Por empezar, vale la pena indagar si hay permiso para fracasar, o si más bien, la época que vivimos está signada por un imperativo de éxito que no admite traspiés ni vacilaciones; es decir: estar siempre bien, triunfar en todo, lucir joven, pleno… al palo, como se suele escuchar. ¿Quién no quiere ser el canchero, el langa, el cool, el winner, que las seduce a todas; ese que dice lo apropiado en el momento preciso y adecuado?

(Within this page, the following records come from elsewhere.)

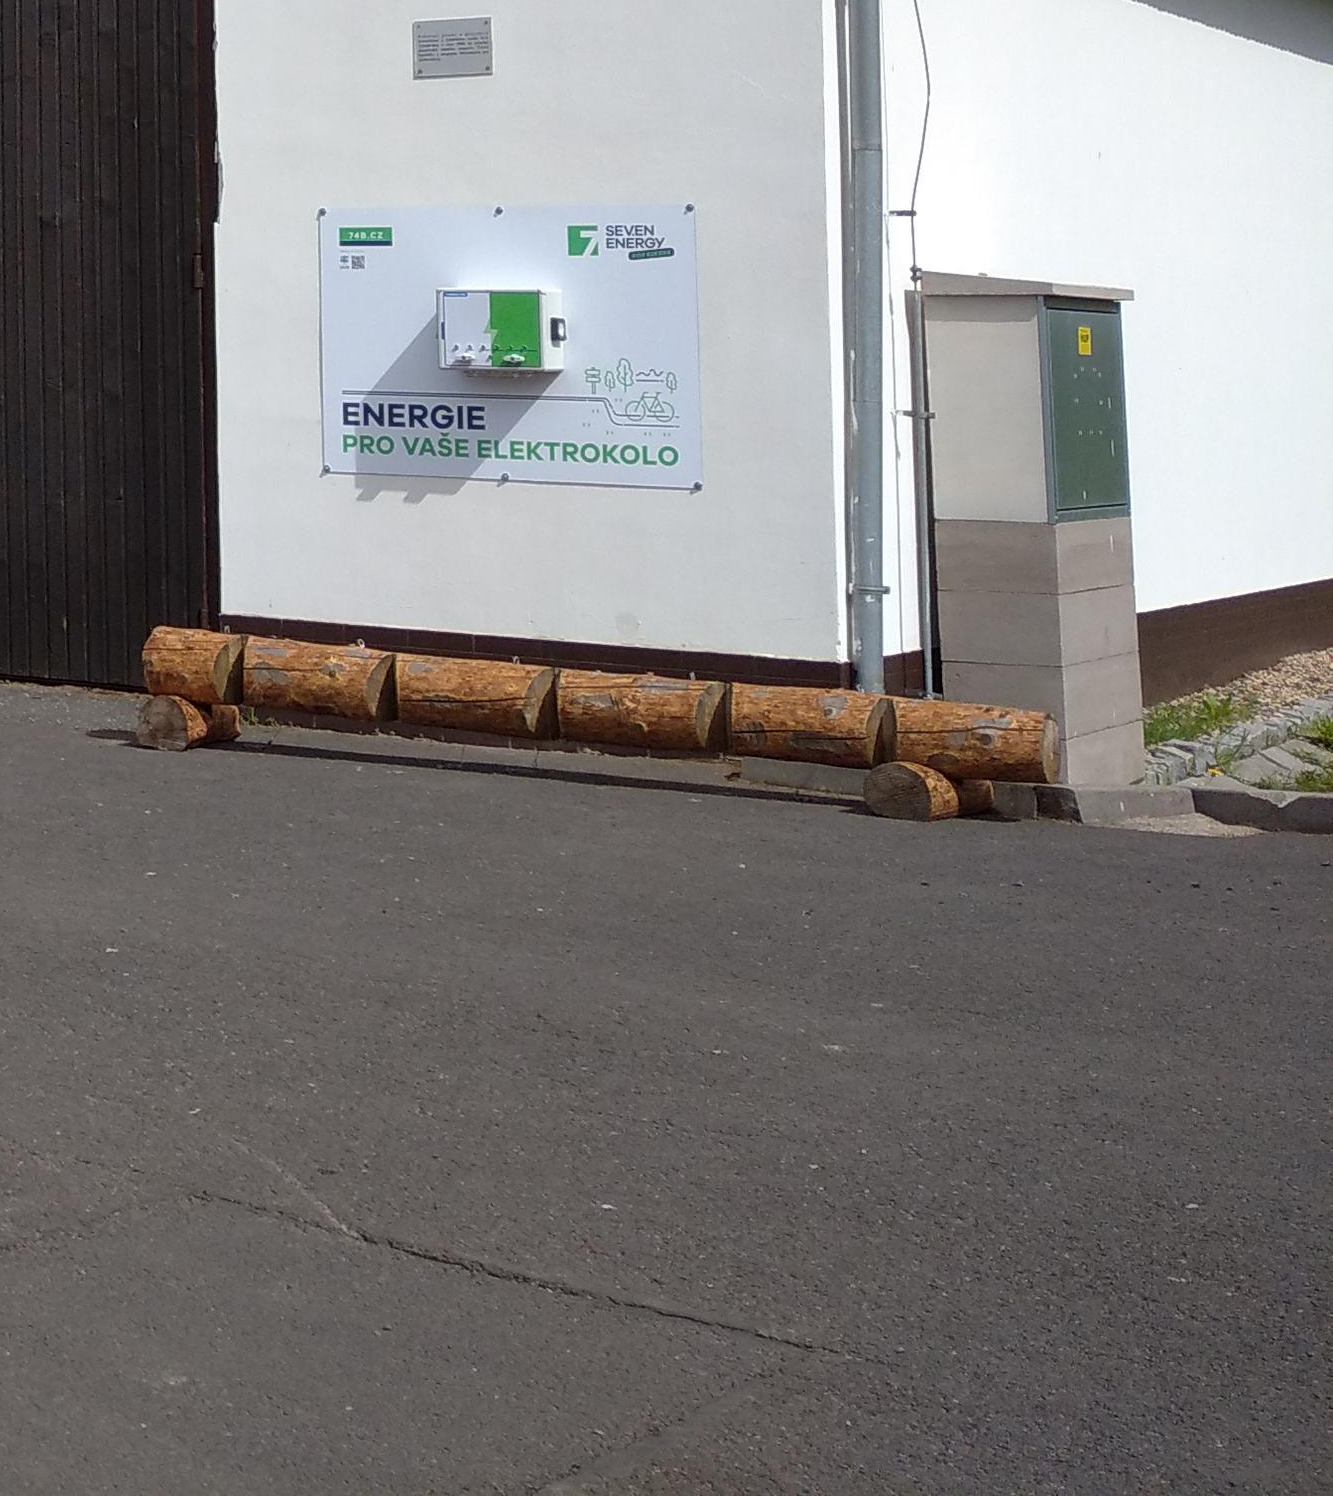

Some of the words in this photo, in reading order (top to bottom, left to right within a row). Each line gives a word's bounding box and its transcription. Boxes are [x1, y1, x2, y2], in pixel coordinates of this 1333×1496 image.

[605, 224, 654, 237] SEVEN
[605, 237, 665, 249] ENERGY
[341, 401, 487, 432] ENERGIE
[341, 434, 395, 456] PRO
[401, 433, 471, 459] VAŠE
[476, 439, 680, 467] ELEKTROKOLO

Propongo considerar, entonces, que la sobrecarga de alcohol está destinada a suavizar y aliviar este mandato de éxito. Esta suerte de todo o nada que aplasta la riqueza de los matices en toda experiencia. Alguien podría sostener que en los boliches pasa de todo, que los chicos se besan –o “transan”- de manera descontrolada. Quizás es cierto. Pero es que esa práctica compulsiva no es ningún encuentro, más bien se trata de una degradación erótica que rechaza el compromiso de la palabra, el arte de la seducción, el reconocimiento del semejante. Lo cierto es que en la clínica es harto común escuchar el testimonio de chicos preocupados porque no recuerdan con quién estuvieron la noche anterior…

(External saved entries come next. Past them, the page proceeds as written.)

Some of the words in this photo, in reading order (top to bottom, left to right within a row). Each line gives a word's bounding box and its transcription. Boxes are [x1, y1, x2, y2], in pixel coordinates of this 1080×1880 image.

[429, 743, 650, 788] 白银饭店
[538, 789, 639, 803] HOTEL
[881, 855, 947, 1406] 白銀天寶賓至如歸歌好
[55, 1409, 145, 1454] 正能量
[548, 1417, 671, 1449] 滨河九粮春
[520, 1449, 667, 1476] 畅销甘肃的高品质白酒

Muchos son los abordajes o interpretaciones que este síntoma convoca. Por lo pronto, la desinhibición, por sí sola, no propicia encuentro alguno. Propongo rescatar un término no por casualidad en desuso. Me refiero al pudor, esa “única virtud” , según refiere Lacan. El pudor poco tiene que ver con una moralina mojigata. El pudor es el velo que protege y al mismo tiempo hace posible compartir nuestro más íntimo ser. Está muy cerca de la vergüenza, pero no es lo mismo. La vergüenza es hermana de la culpa, de la inhibición, de la soledad y del control; el pudor, en cambio, camina de la mano del deseo. Por eso, resulta ser un privilegiado articulador social, porque “el impudor de uno basta para constituir la violación del pudor del otro”.

Se trata, entonces, de ese mohín que oculta sin dejar de insinuar. Esa barrera, vecina del “cuidado de sí” del que hablaban los griegos, y que Michel Foucault rescata en su texto sobre Tecnologías del yo . A partir del pudor bien podríamos preguntarnos cuál es el lugar que el campo propiamente femenino puede aportar en esta problemática relativa al consumo del alcohol. Pero, quizás, eso sea tema para todo otro artículo.

* Psicoanalista.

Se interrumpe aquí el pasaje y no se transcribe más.